The abstraction of there being a 'God' or ‘Goddess’ is one of the
oldest concepts in the history of man, and it is racially a
universal one. In the very early years of his evolution, man only
worshipped that which he could not control. When he looked up at the
sky he saw the Sun – and at night, the Moon and stars. Much later he
observed the movement of the planets, and these were perhaps among
the very first things that he worshipped, as he did not have any
control over their movements across the sky. Indeed, it was
perceived that these “Gods” of the sky actually controlled the lives
of mankind, through the cycles of the seasons and the connection of
the planets movements with nature.
The Sun became the great 'Sun God' . . . the Moon a Goddess. The
planets were given names, and many stories were told about them. As
the planets could not be controlled by any ordinary mortal, they
then discovered that they could compensate for this lack of human
control by personifying the planets and bestowing on each of them a
god-like human personality. Each planet along with the Sun and Moon
became a family of human gods and goddesses.
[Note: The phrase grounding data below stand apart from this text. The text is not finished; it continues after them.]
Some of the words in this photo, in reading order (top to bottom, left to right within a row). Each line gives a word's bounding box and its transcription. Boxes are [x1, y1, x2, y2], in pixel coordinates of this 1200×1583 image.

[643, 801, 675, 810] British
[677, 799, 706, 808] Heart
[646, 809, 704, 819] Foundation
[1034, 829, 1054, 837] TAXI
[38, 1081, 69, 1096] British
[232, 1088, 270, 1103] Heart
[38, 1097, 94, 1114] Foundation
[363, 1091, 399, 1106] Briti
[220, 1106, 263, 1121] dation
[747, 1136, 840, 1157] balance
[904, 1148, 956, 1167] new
Already it seemed that man's ego would not allow him to believe
in any higher power that did not look and behave like ordinary man,
but with a difference . . . they were divine, and had divine powers
of control.
Early man believed that if he was good, he would later – when he
died – be given access to this realm of the gods, and live with them
for the rest of eternity. This fact is seen for instance in the
resurrection of the Pharaohs to the heavenly realm.
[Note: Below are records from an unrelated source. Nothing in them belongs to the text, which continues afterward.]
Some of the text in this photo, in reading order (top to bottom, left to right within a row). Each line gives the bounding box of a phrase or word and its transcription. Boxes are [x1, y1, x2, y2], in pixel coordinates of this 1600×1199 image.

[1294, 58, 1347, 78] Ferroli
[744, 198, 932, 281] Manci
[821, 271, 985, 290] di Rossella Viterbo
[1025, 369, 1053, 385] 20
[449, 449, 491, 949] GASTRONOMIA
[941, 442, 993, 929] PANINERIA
Along with this pantheon of celestial gods, there was also the
natural phenomena caused by the clash of natural elements: storms,
rain, wind, thunder, lightning – and of course fire, which man also
worshipped as he found it could destroy most things, including his
own body. It was only later that man gained the insight; that on a
superficial level, fire does seem to destroy things. But on a higher
level of understanding fire is the energy that transforms.
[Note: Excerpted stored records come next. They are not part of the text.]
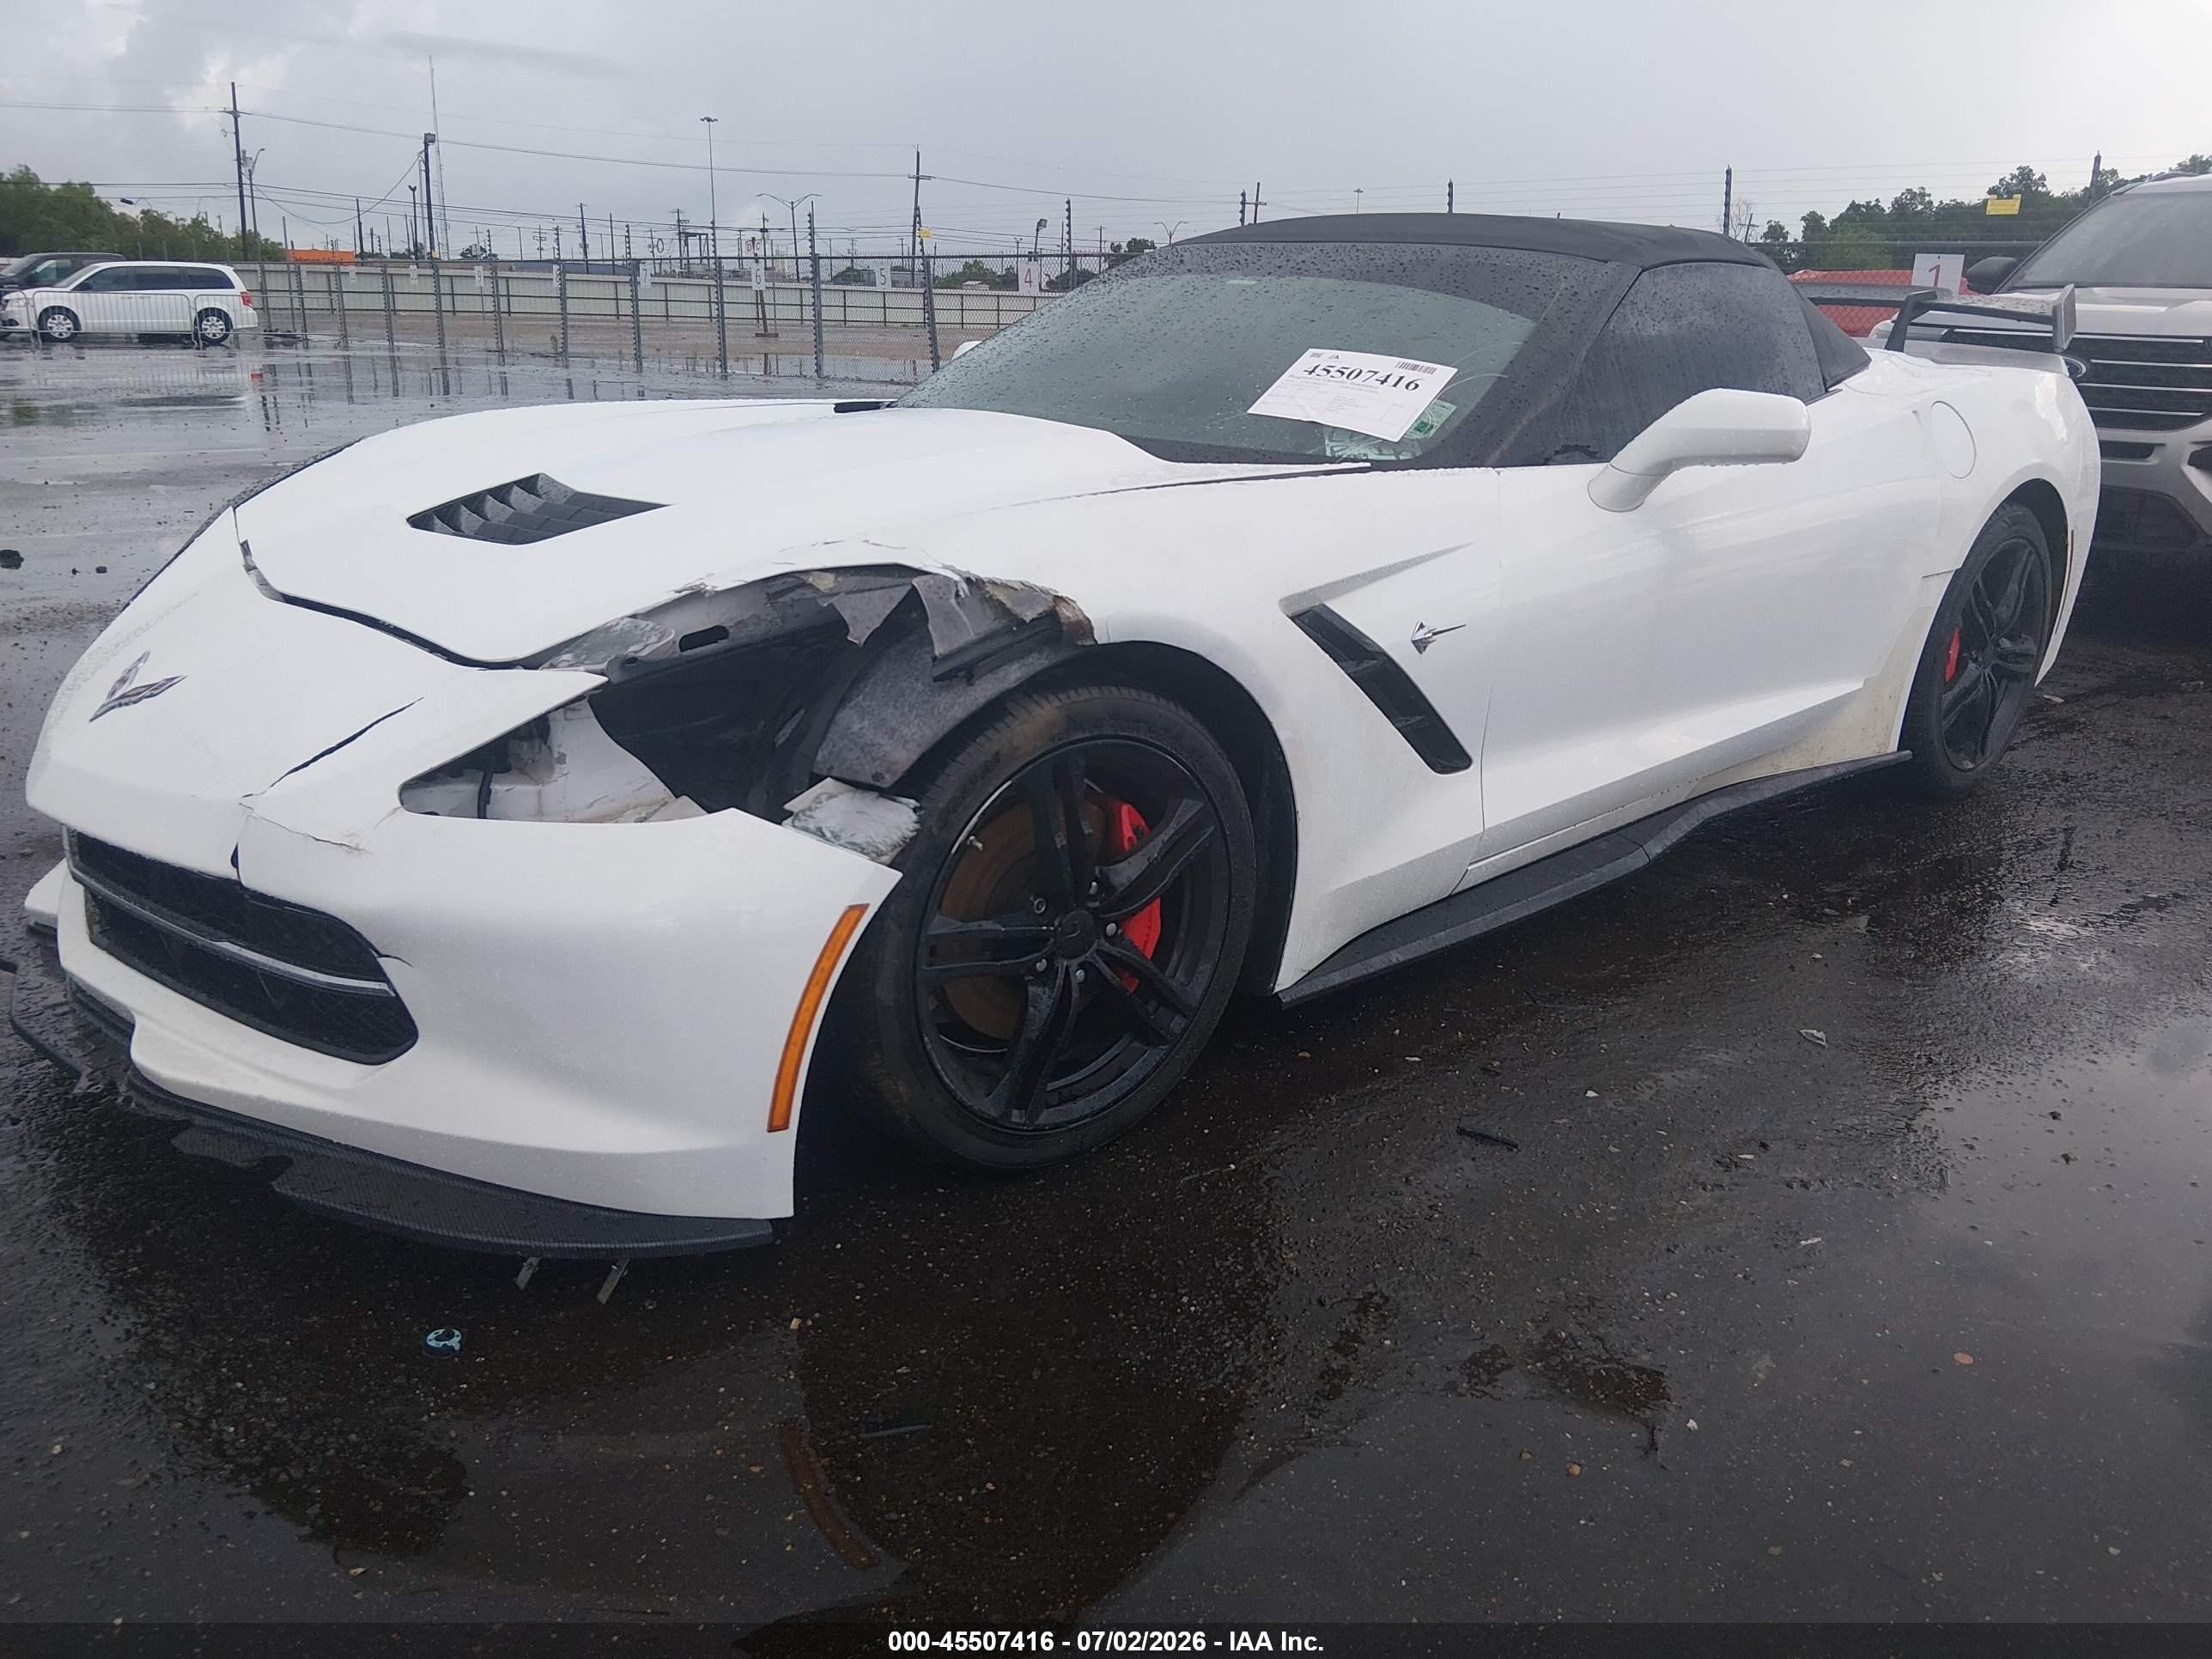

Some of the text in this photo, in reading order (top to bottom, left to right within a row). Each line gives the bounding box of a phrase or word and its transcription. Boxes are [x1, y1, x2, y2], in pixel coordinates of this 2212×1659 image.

[755, 268, 762, 285] 6
[879, 267, 886, 285] 5
[1024, 267, 1033, 288] 4
[1929, 264, 1941, 289] 1
[1303, 363, 1424, 392] 45507416
Man spent a great deal of time worshipping those things he could
not control, the only compensation being that he applied human form
to them so that they seemed controlled by higher beings but in man's
image, and so they were seen to work in accordance with man's
behaviour on earth. Through this concept man felt that he could
control things, even though it was in an indirect way, by way of his
behaviour. Much of man's early evolution has been given over to this
worship of the external world about him, and from these early
concepts came an insight into the importance of morality and the
learning of right thought and behaviour. It has always been the way
of man to see behaviour in animals, stars and planets, his own
perception of the world that surrounds him. Even today we interpret
animal behaviour by our own instinct – so it is basically part of
human evolution to do so – a survival method.
Although man's early attempts at morality were superficial,
whereby it was negatively caused by fear, this was the first step to
intelligence; for it was through his evolving intelligence that man
recognised the root of that fear.
Although a massive over generalisation, we can say that as man
began to live in tribes and these tribes began to run out of land
and resources, it wasn't long before tribal warfare became a way of
life for the selfish accumulation of additional land and it's
resources. Archaeological evidence has shown that early man in fact
lived very much in peace with his neighbour, but as civilisation
grew and land and resources became scarce he turned his instinct to
war. Envy was the driving force that urged man to conquer. He killed
those that posed a threat, and then made slaves of those who
wouldn't or couldn't resist. He then impressed his gods and
goddesses on the people he had subjugated, and therefore in time
certain pagan religions were formed by the enforced amalgamation of
all the variations of celestial and elemental tribal worship. It was
the utilisation of these early religions for propaganda and
marketing techniques, which led directly to the creation of the
early Shining Ones (See The Shining Ones by Philip Gardiner) and
vast network of power brokers hiding behind the façade of religion.
The “gods” they created were believed to control the elements and
could use them as they wished – as weapons of destruction – again a
distinct association of man’s own behaviour forced upon their own
gods. A wonderful new power game was created, the idea that mankind
should keep the gods happy and satisfied so that they wouldn't use
these “weapons” against him. This simply meant that the populations
of the tribal units or even early civilisations had to submit a
percentage of their produce to the religion in-order to stave off
the vengeful gods. As we know for instance the early Yahweh was just
such a god – hence the reason for the clear difference between the
Old Testament vengeful god and the loving god of the New Testament –
a stark and textual piece of evidence showing the evolution of the
power of the gods.
An example of just how these gods were shown to be vengeful is
seen in Jupiter (the thunder god who is not surprisingly associated
with Yahweh, also a thunder or rain god) who when angered with
mankind was thought to cause thunderstorms.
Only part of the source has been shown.